Lactobacillus adhesion to mucus

Abstract

Mucus provides protective functions in the gastrointestinal tract and plays an important role in the adhesion of microorganisms to host surfaces. Mucin glycoproteins polymerize, forming a framework to which certain microbial populations can adhere, including probiotic Lactobacillus species. Numerous mechanisms for adhesion to mucus have been discovered in lactobacilli, including partially characterized mucus binding proteins. These mechanisms vary in importance with the in vitro models studied, which could significantly affect the perceived probiotic potential of the organisms. Understanding the nature of mucus-microbe interactions could be the key to elucidating the mechanisms of probiotic adhesion within the host.

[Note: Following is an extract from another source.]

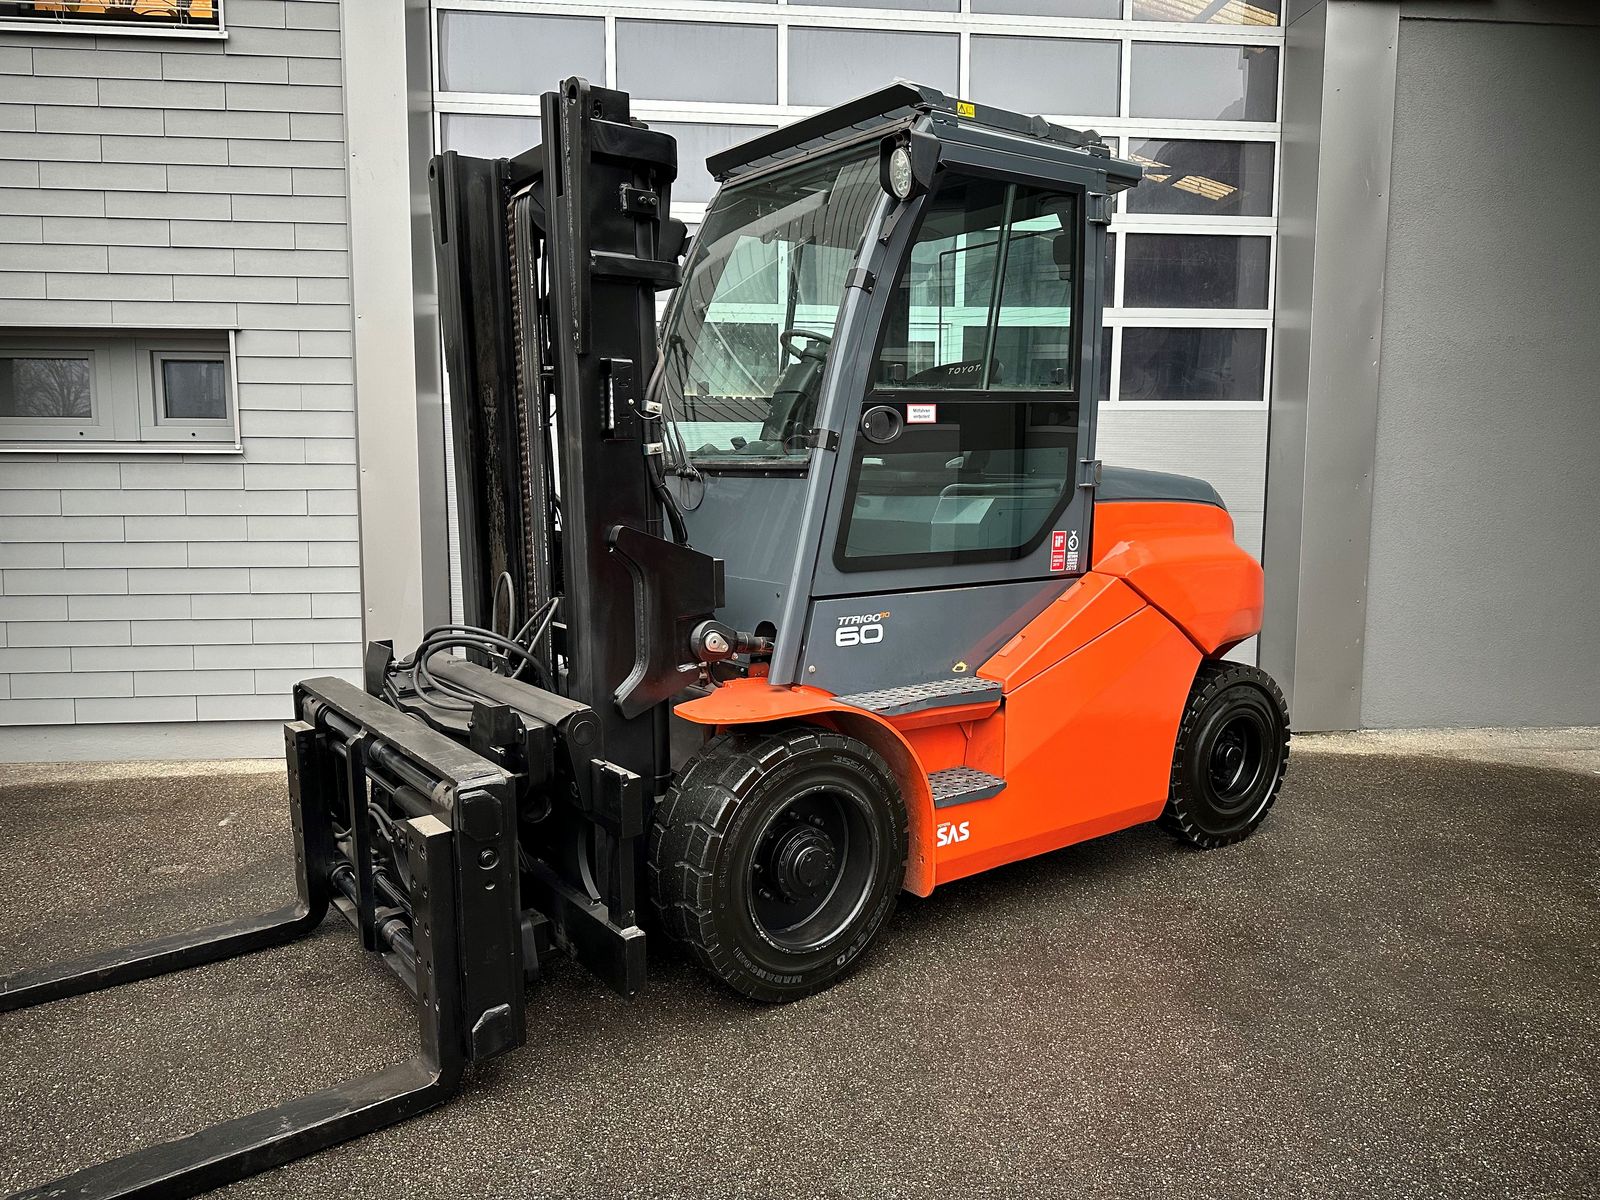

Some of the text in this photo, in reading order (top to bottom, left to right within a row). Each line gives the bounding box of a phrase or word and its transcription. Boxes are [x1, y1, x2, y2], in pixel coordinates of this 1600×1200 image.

[948, 363, 982, 375] TOYOT
[835, 624, 884, 647] 60
[936, 821, 970, 848] SAS

Keywords: adhesion; MUC2; MucBP; binding; lactobacillus; mucin; mucus; probiotics.

Figure 1

Diagram of the MUC2 protein core. The protein termini contain cysteine-rich regions homologous to von Willebrand Factor (vWF) domains (a); The N-terminal regions of MUC2 proteins contain vWF domain homologs D1, D2, D′, and D3 and the C-terminal regions contain vWF domain homologs D4, B, C, and CK. These terminal domains are responsible for the extensive polymerization between mucin monomers, along with the cysteine rich interruptions between glycosylated tandem repeats (b); The first of two repetitive domains (c) contains 21 repeats of an irregular motif, whereas the second domain (d) is formed of 50-115 tandem 23aa motifs (PTTTPITTTTTVTPTPTPTGTQT). Threonines in the repeats are O-glycosylated, forming a densely packed envelope of short, branched carbohydrate chains surrounding these regions.

Figure 2

Simplified histological cross-section of microbial adhesion to the colonic mucosal surface at various magnifications. (a) The layer of mucus atop colonic epithelial villi. Goblet cells can be seen interspersed throughout the columnar enterocytes, producing secretory mucin that makes up the gel matrix. The microbial communities residing in and on top of the mucus layer can only be found at substantial concentrations in the outermost regions of the mucus; (b) The mucus-bacteria interface. The mucin molecules polymerize to form the mucus layer matrix to which cells adhere. Extensive disulfide bonding between cysteine-rich regions of the mucin protein cores creates the characteristic viscoelastic properties of mucus. Oligosaccharide modifications of mucin protein cores form “bottle-brush” regions providing substrate for adhesion to binding proteins on bacterial cell surfaces; (c) A proposed molecular mechanism of adhesion. Evidence suggests that putative mucin-binding proteins anchored to the bacterial cell wall may interact with the glycosyl modifications of the mucin proteins to promote adhesion of the cell to the mucus layer. Mucin oligosaccharide structures vary due to tissue and cell-specific glycosyltransferase expression levels, so the specificity of particular oligosaccharide moieties may lead to preferential binding of particular bacteria to different host niches.